Humanitarian Leadership: Lessons from the Central African Republic. By Eleanor Harvey

Raindrops. Lightening. Population health. Porch and puddles.

Despite the tropical downpour, we had made it to the outlying health centre and looked out from the cover of the porch on to a wet and muddy landscape. The working day here starts early in the morning; we had arrived close to midday and so I thought we were very late.
The rain began to subside. Other recent arrivals included the consultant to open clinic, the dispenser to unlock the pharmacy, and the patients to receive their health care. All seemingly unperturbed by the delay and carefully avoiding the puddles – adaptable, flexible, resilient.

I spent six months in the Central African Republic (CAR) as a project pharmacy manager with a humanitarian organisation. Within my team, I introduced the concept of ‘leadership triad’,(1) where each team member could identify their role in leadership, management, and followership. This blog shares my experiences and the lessons learnt.

Context

 Do we complete these medical orders now, or organise our warehouse stock? Should we dispatch the remaining limited supply to the hospital, or to the clinic 12 km away?’

 Some days, conflicting priorities threaten to overburden the team, calling for a more autocratic leadership approach to respond to demand and maintain efficiency. Other days, pressing activities are under control, allowing space for creativity and transformational leadership.

Leadership is contextual. I discovered it was worth identifying the times, adapting to the situational reality, and allowing my leadership to adjust to the context – of the country, the project, the team, the times.

Who am I as a leader?

In the humanitarian setting, internationally mobile staff turnaround can be high, as projects vary in duration and required skill sets. We work alongside locally recruited staff, and the least I could do in my short stint with my central African team was to leave them stronger than how I found them. The challenge was to establish trust swiftly to improve individual and team performance.

In the formal position of leadership, I could either remain a stranger or let the team get to know me – my values, priorities, and ambitions. A level of transparency in my leadership style created shared purpose and cohesiveness. In practice, we set team objectives and based team training and strategy around these objectives. They wanted to know where we were heading and what we were prioritising – I wanted to know how they were following and understanding the organisational vision. Their feedback came more readily when they received feedback on their feedback! I had set up a transparency loop, their ideas became forthcoming and fearless, readied for discussion and decision, and my feedback explained if certain ideas were shelved (not simply ignored) or implemented.

What to say, or not say?

Information can sometimes stampede, trickle, metamorphose into something else or get completely lost through the delicate art of communication; especially with the complexity of a multilingual, multicultural, cross-cultural setting.

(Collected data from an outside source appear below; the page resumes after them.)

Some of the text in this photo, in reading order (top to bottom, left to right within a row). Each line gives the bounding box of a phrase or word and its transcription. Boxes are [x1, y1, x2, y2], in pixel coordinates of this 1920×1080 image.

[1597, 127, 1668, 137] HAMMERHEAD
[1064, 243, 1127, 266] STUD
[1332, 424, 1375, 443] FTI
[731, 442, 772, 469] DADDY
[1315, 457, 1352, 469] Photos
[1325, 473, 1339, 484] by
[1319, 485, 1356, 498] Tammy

Towards the end of a meeting conducted in French, I was expectantly waiting for the concluding summary to help clarify what the next steps were. Instead, a ‘et voilà!’ accompanied by a hand clap from the speaker marked the end of the meeting. I left the meeting mildly confused and blissfully unaware of the expectations placed on me.

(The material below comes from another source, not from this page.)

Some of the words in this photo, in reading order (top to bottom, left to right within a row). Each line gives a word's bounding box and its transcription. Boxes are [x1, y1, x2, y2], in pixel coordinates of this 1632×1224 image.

In this situation, information between speaker and intended receiver had been lost. Admittedly, this could have been due to my far-from-perfect grasp of French, or due to the much more interesting and exciting topic of communicating in high-context versus low-context cultures. In this higher-context culture, I may have been expected to imbibe a ‘to do’ list that was not explicitly outlined, which to my lower-context British culture was overly cryptic. A similar example is recounted in Erin Meyer’s book The Culture Map.(2)

During my time in CAR, the above is one of many situations where culture affected communication. Through mishaps, I became more adept at asking for clarification in meetings; so much so that I became the meeting minute-taker!

Ways of management

The leadership triad emphasises the dynamic interplay between leadership, management, and followership. This interplay can be liberating, as one can shift between roles and empower individual team members to do the same within their scope of practice.

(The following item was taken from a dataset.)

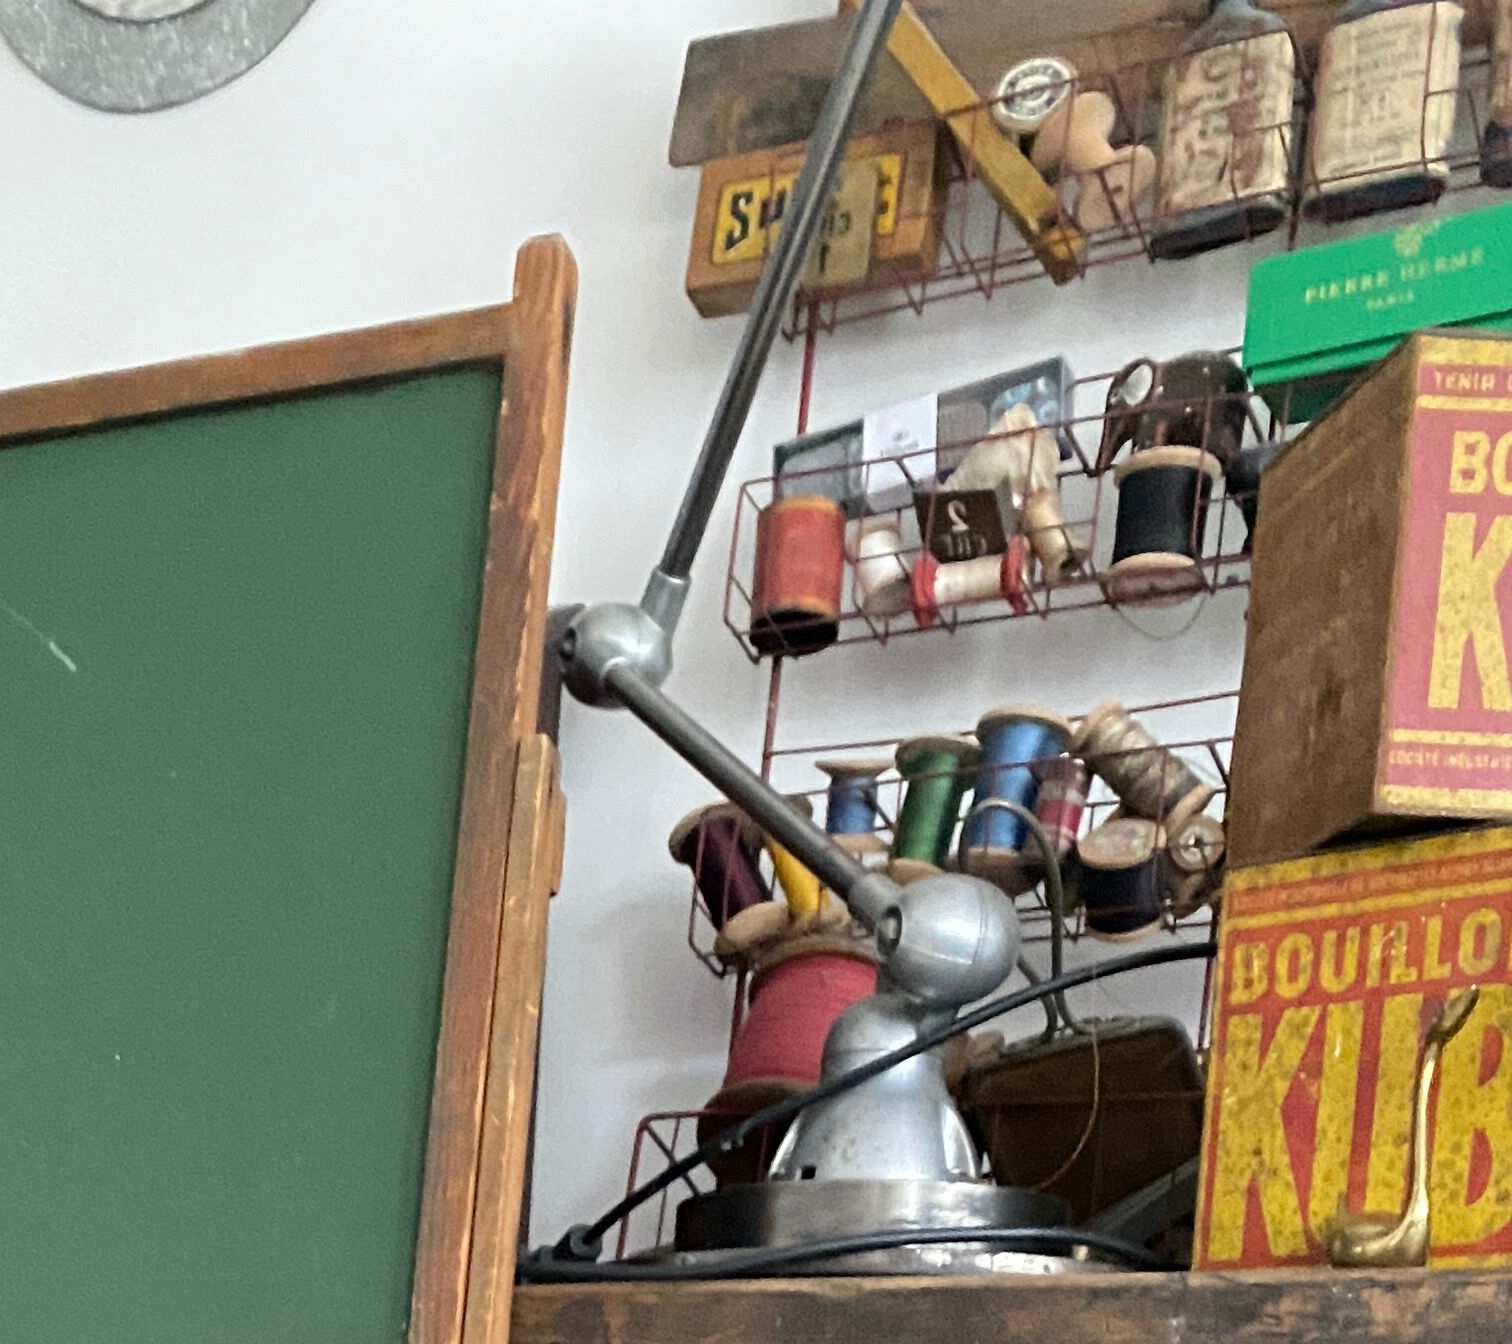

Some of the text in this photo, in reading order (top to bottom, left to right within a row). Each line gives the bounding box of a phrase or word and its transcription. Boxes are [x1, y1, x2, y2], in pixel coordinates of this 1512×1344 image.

On starting a previous job, a year and a half ago, my then-manager asked me: ‘How do you like being managed?’. And so, overseas, as manager of a new team, I asked them: ‘How do you like being managed?’. I received the same answer I had provided my manager a year and a half before: a blank stare.

They, like me previously, did not fully understand the reasoning behind the question. I became aware that I managed based on how I like being managed, but discovered that some in the team responded well to me checking in on them more regularly than I would have liked to have been. I realised that one style may not suit all. I learned to move between parts of the leadership triad and through different styles of leadership and management. Together with the team, we became aware of what worked well and found the balance between undeviating orders and open suggestions, between managing activity-by-activity and fostering higher levels of autonomy.

Who follows whom?

I learned the value of followership, taking on direction from others to know how best to share my perspective or to respectfully disagree with my superiors. Likewise, within my team, there were times when I would slot into a followership role as my colleague would handle a situation in the locally-spoken language, or deal with a situation familiar to them.

Team members had weathered storms before my arrival, and as they learnt new aspects of followership – like improved work ethic or courage to put suggestions forward,(3) I too realised the need to step into that role to learn from their experiences and in circumstances follow their lead. It took humility and appreciation for what just is in that different context. It was tricky at first, but it soon became a privilege to be the one to ‘watch and learn’.

Inspiration for this blog originated from a place 3,500 miles away from the UK, and yet in the UK too, one never knows when or for how long the rain will fall. Within all leadership challenges are lessons: on adaptability – to act in accordance with the times; on flexibility – to move plans around the puddles; and on resilience – to weather this storm, and the next.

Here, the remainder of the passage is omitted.